Create separate Android.mk for main build targets
The runtime, compiler, dex2oat, and oatdump now are in seperate trees
to prevent dependency creep. They can now be individually built
without rebuilding the rest of the art projects. dalvikvm and jdwpspy
were already this way. Builds in the art directory should behave as
before, building everything including tests.
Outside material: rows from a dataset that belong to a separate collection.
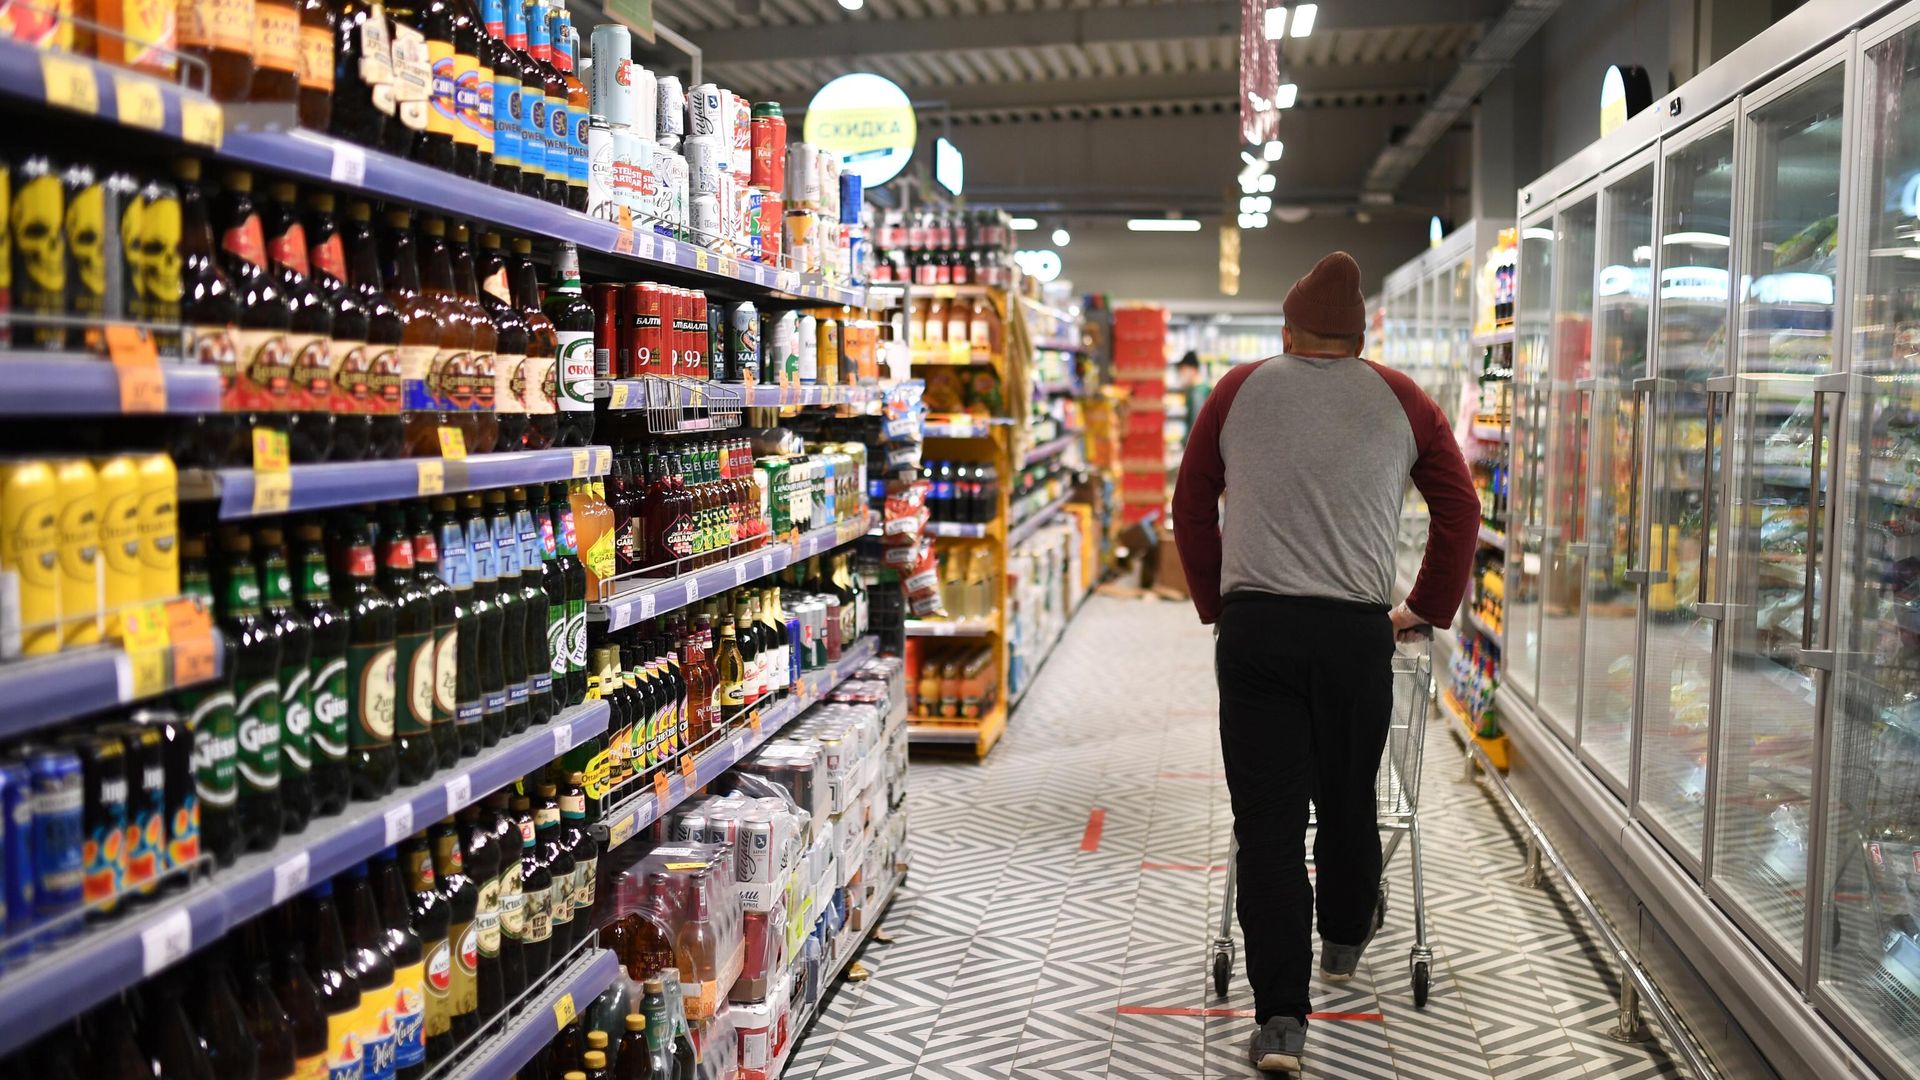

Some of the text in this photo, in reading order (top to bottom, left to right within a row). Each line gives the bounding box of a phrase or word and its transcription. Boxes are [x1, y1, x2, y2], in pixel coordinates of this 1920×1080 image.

[818, 120, 902, 139] СКИДКА
[638, 346, 650, 366] 9
[502, 555, 511, 572] 7
[524, 548, 533, 565] 7
[478, 559, 487, 577] 7
Change-Id: Ic6b1151e5ed0f823c3dd301afd2b13eb2d8feb81
diff --git a/compiler/dex/quick/x86/target_x86.cc b/compiler/dex/quick/x86/target_x86.cc
new file mode 100644
index 0000000..c421ef3
--- /dev/null
+++ b/compiler/dex/quick/x86/target_x86.cc
@@ -0,0 +1,571 @@
+/*
+ * Copyright (C) 2012 The Android Open Source Project
+ *
+ * Licensed under the Apache License, Version 2.0 (the "License");
+ * you may not use this file except in compliance with the License.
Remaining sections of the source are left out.